Improper, Imprudent and Important: Reflecting on Breach of the Peace after McConachie v Shanks

Author
Date01 September 2019
DOI10.3366/elr.2019.0582
Published date01 September 2019
Pages434-441
INTRODUCTION AND FACTS

“[I]t didn't seem right”, one witness recalled, that when alighting from a bus sixty-five-year-old Douglas McConachie placed a ticket with his address and phone number written across it atop a gym bag rested upon the lap of a twelve-year-old boy. As the bus drew away the appellant further gestured, suggesting the boy phone him. McConachie had spent the preceding journey smiling and winking intermittently at the complainer who was left feeling “stressed and uncomfortable” as he continued the rest of his trip home from school. At first instance, McConachie was convicted of breach of the peace at common law. That conviction was quashed on appeal in the recent case of McConachie v Shanks,1 where the court endorsed the observation in Angus v Nisbet 2 that not all imprudent and inappropriate conduct between strangers will be criminal by reference to the law of breach of the peace.3

This note supplements and extends current thinking about breach of the peace by situating McConachie amongst related cases where the conduct complained of allegedly presents harm to a child or children. It argues that the reasoning in McConachie reflects the changing role of the “public element” in the offence. Resultantly, the test for breach of the peace at common law in cases involving what might be broadly understood as “child protection” is now closer to that of its sister offence contained in section 38 of the Criminal Justice and Licensing (Scotland) Act 2010.

OFFENCE OVERVIEW General Definition

The common law offence of breach of the peace has undergone reform throughout the past two decades.4 In 2001, Smith v Donnelly 5 held that breach of the peace required that conduct be both:

severe enough to cause alarm to ordinary people; and

threaten serious disturbance to the community.6

Whether conduct was genuinely alarming to an ordinary person and potentially disturbing to the community would depend on an assessment of it in its context from the perspective of any reasonable person.7
The Private Problem

Of note amongst the many additional observations made in Smith was that statements said in private were unlikely to fall within the scope of the offence no matter how unpleasant or disgusting they were.8

Nine years later, the full-bench decision in Harris v HM Advocate 9 affirmed that breach of the peace must have a public element and did not, therefore, apply to private conduct.10 No definitive guidance was given as to what might constitute a public element and mark the boundary between public and private. However, in Harris, objectively alarming statements made by the appellant to police officers while they were in a police station on two separate occasions in person and via telephone lacked the necessary public element and were thus private.

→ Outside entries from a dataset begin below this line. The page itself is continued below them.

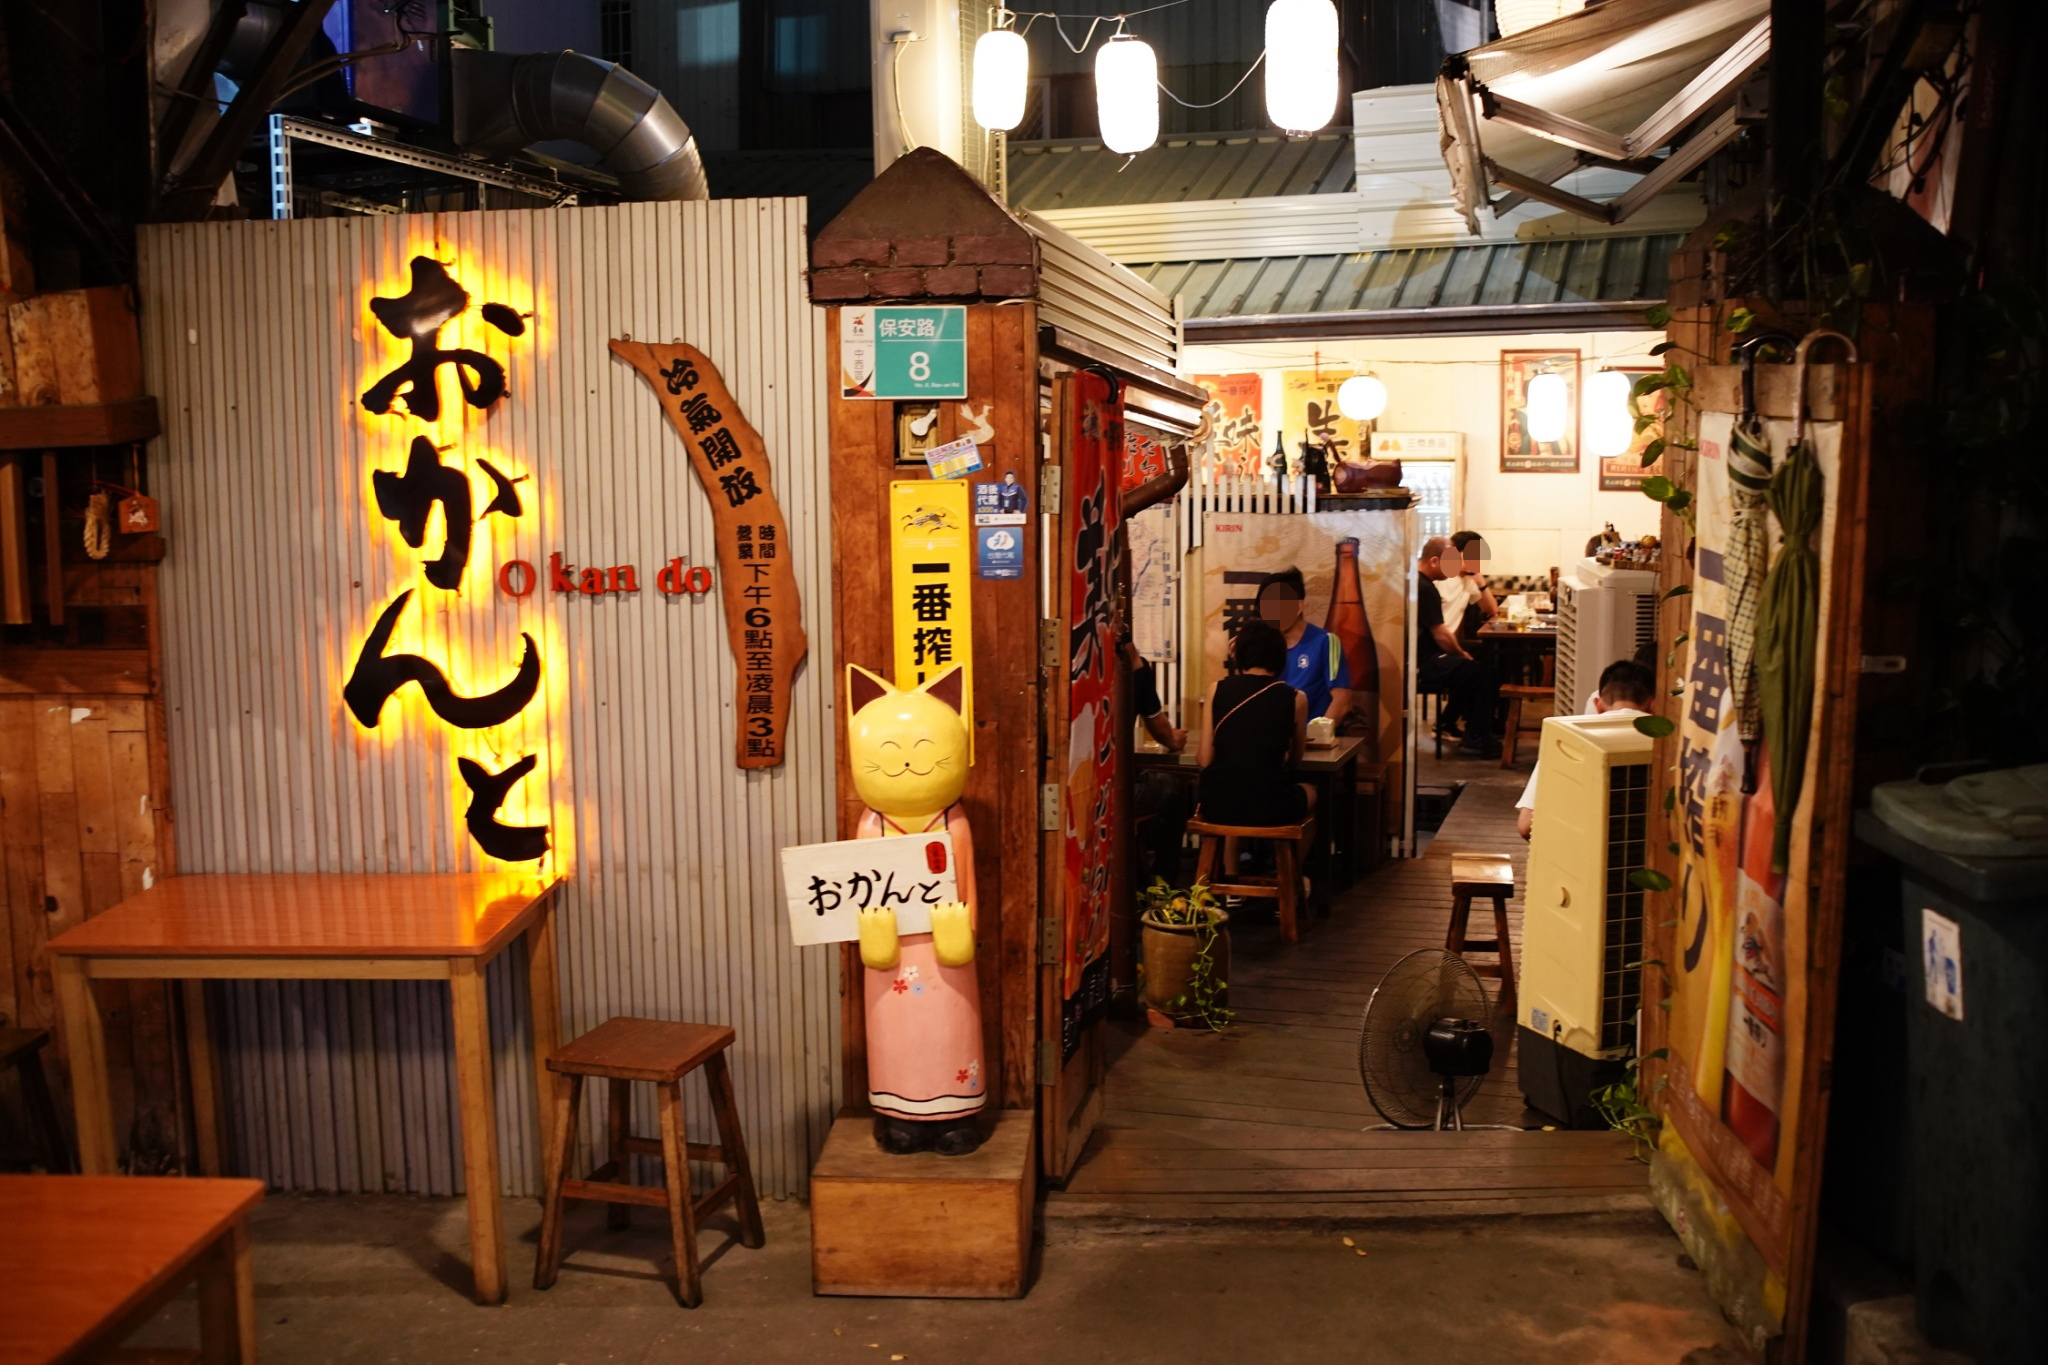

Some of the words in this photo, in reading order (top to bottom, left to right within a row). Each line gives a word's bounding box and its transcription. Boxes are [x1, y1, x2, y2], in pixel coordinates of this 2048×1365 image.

[879, 318, 935, 338] 保安路
[909, 351, 931, 382] 8
[659, 358, 761, 508] 冷氣開放
[737, 525, 753, 559] 營業
[758, 525, 775, 559] 時間
[1215, 524, 1243, 533] KIRIN
[344, 255, 550, 862] おかんと
[498, 559, 537, 597] O
[549, 551, 640, 595] kan
[657, 555, 713, 594] do
[912, 562, 952, 685] 一番搾
[743, 563, 775, 758] 下午6點至凌晨3點
[808, 869, 943, 916] おかんと

Relying on Harris, the court in Hatcher v Harrower 11 found the appellant had not committed a breach of the peace in shouting and swearing at his wife in a “blazing row”.12 While the children of the complainer and appellant were present in the house they were not “the community”: they had been in their respective bedrooms, possibly unaware of what had happened.13 The community was therefore not threatened. Without a public element, the court acknowledged that conduct that caused “upset and distress” to reasonable people in private would not fall within the scope of the offence. It would be a matter for the Scottish Parliament to legislate on such behaviour.14

STATUTORY DEVELOPMENTS

Following Harris, sections 38 and 39 of the Criminal Justice and Licensing (Scotland) Act 2010 were enacted.15 The former criminalises threatening or abusive behaviour that would be likely to cause a reasonable person to suffer fear or alarm when undertaken intentionally or recklessly. The latter creates the offence of stalking. Neither require a “public element” be satisfied for a complete offence and are therefore designed to address the perceived lacuna in the law following Harris.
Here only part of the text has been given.